=== Begin Enclosure ===
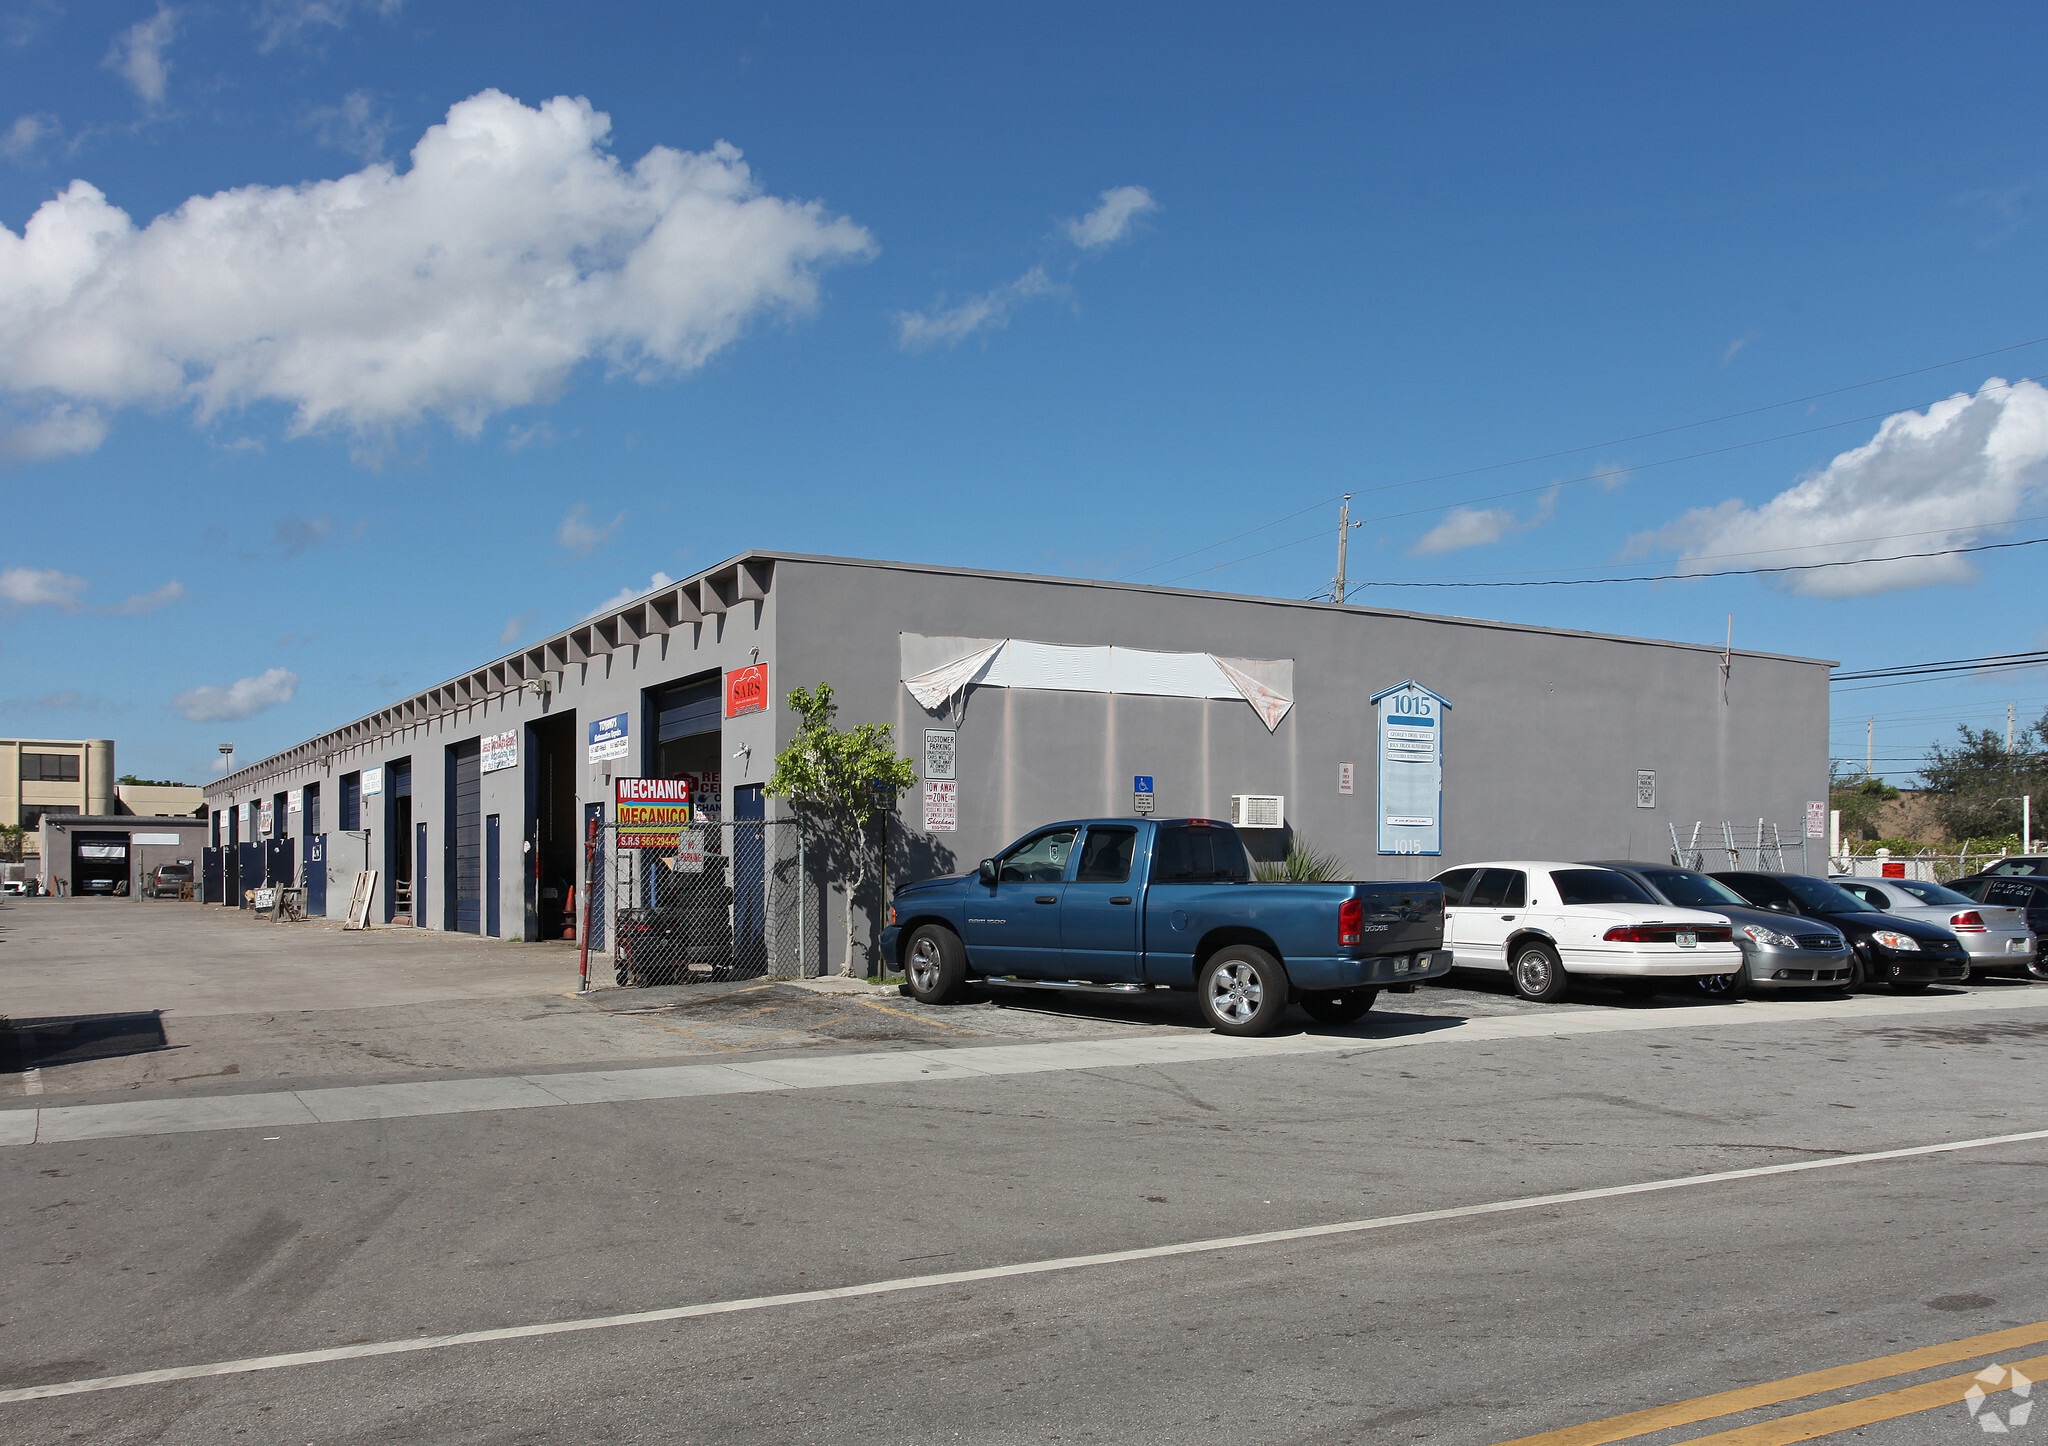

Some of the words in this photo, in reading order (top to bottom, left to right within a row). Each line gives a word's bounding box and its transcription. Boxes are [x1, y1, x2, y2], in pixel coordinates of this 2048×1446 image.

[734, 681, 761, 699] SARS
[1392, 695, 1431, 715] 1015
[702, 772, 721, 782] RE
[620, 779, 686, 799] MECHANIC
[700, 783, 721, 793] CE
[926, 783, 938, 791] TOW
[940, 783, 955, 792] AWAY
[933, 793, 948, 802] ZONE
[595, 806, 601, 817] 2
[620, 808, 687, 824] MECANICO
[1395, 840, 1421, 854] 1015
[1364, 924, 1388, 932] DODGE
=== End Enclosure ===
What is expected: Word for word, set down every record, keeping the images out.

Solution:
Some of the words in this photo, in reading order (top to bottom, left to right within a row). Each line gives a word's bounding box and its transcription. Boxes are [x1, y1, x2, y2], in pixel coordinates of this 2048×1446 image.

[734, 681, 761, 699] SARS
[1392, 695, 1431, 715] 1015
[702, 772, 721, 782] RE
[620, 779, 686, 799] MECHANIC
[700, 783, 721, 793] CE
[926, 783, 938, 791] TOW
[940, 783, 955, 792] AWAY
[933, 793, 948, 802] ZONE
[595, 806, 601, 817] 2
[620, 808, 687, 824] MECANICO
[1395, 840, 1421, 854] 1015
[1364, 924, 1388, 932] DODGE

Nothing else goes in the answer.